Тогда Гюбертина рассказала ей, что видела Фелисьена на следующий же день после процессии и с него также взяла обещание не видеться с Анжеликой, пока он не получит согласия монсеньора. В сущности, то был полный отказ, потому что Гюбертина была твердо уверена в невозможности этого брака. Она объяснила юноше, как дурно он поступает, компрометируя бедную доверчивую и невинную девушку, на которой все равно не женится. Фелисьен был потрясен; он заявил, что скорее умрет от тоски в разлуке с Анжеликой, чем поступит по отношению к ней нечестно. В тот же вечер он говорил с отцом.

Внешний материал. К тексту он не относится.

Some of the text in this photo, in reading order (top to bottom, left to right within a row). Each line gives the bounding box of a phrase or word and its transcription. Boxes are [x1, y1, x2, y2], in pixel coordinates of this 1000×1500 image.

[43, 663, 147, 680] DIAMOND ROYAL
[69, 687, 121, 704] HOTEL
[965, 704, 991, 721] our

— Ты проявила столько мужества, — сказала Гюбертина, — что — видишь? — я говорю с тобой без обиняков… Ах, если бы ты знала, девочка, как мне жаль тебя и как я восхищаюсь тобой: ты держишься таким молодцом, так гордо молчишь и улыбаешься, когда сердце у тебя разрывается от горя! Но тебе нужно еще много, много мужества… Сегодня я встретила отца Корниля. Все кончено: монсеньор не согласен.
Гюбертина ожидала потока слез и с изумлением увидела, что Анжелика, очень бледная, выслушала ее слова совершенно спокойно. Со старого дубового стола только что убрали посуду, лампа освещала старинную общую залу, только легкое бульканье чайника нарушало глубокую тишину.
— Матушка, еще ничего не кончено… Расскажите мне все, ведь я имею право знать, не так ли? Ведь это касается меня.
И Анжелика внимательно выслушала все, что Гюбертина сочла возможным передать ей из рассказа старого священника, причем опускала многие подробности, потому что продолжала скрывать от дочери грубые стороны жизни.
С тех пор как Фелисьен появился в Бомоне, монсеньор жил в непрестанной тревоге и смущении. На следующий же день после смерти жены он отказался от сына и двадцать лет не хотел его знать, но вот он увидел его во всем расцвете молодости и сил, увидел живой портрет той, кого оплакивал, — юношу, одних лет с покойницей, такого же белокурого, красивого, обаятельного. Долгое изгнание, долгая злоба против убившего мать ребенка были, в сущности, проявлением осторожности: он предчувствовал то, что должно произойти, и уже раскаивался, что призвал к себе сына. Ни возраст, ни двадцать лет молитв и служения богу — ничто не убило в монсеньоре прежнего человека. Стоило появиться перед ним сыну — плоти от плоти его, плоти от плоти обожаемой женщины, — появиться с улыбкой в голубых глазах, и сердце отца мучительно забилось, ему показалось, что покойница воскресла. Он бил себя кулаками в грудь, он рыдал в бесплодном раскаянии, он кричал, что нужно отлучать от сана тех, кто знался с женщинами, кто сохранил с ними кровную связь.
Добрый отец Корниль говорил с Гюбертиной шепотом, и руки его тряслись. Ходили таинственные слухи, говорили, что ежедневно, с наступлением сумерек, монсеньор запирается в одиночестве. Он проводил ночи в отчаянной борьбе с собой, метался в слезах, и заглушаемые плотными занавесями стоны пугали все епископство. Он думал, что забыл, что подавил свою страсть, но она возродилась, неистовая, как ураган, и в нем воскрес прежний мужчина — грозный авантюрист, потомок знаменитых воителей. И каждый вечер на коленях, во власянице, до крови раздиравшей ему кожу, он старался отогнать от себя призрак оплакиваемой женщины, тщетно твердя, что ныне она только горсть могильного праха. Но она вставала перед ним живая, во всей цветущей и юной прелести, такая, какой он любил ее, любил безумной любовью уже зрелого мужчины. Прежние мучения возвращались к нему, его рана сочилась кровью, как в самый день смерти жены, и он оплакивал ее, желал ее страстно и восставал против отнявшего ее бога. Он успокаивался только к утру, обессиленный, презирал себя и чувствовал отвращение ко всему свету. О страсть, свирепый зверь! Как он хотел раздавить ее, чтобы вновь обрести утерянный мир смирения и божественной любви!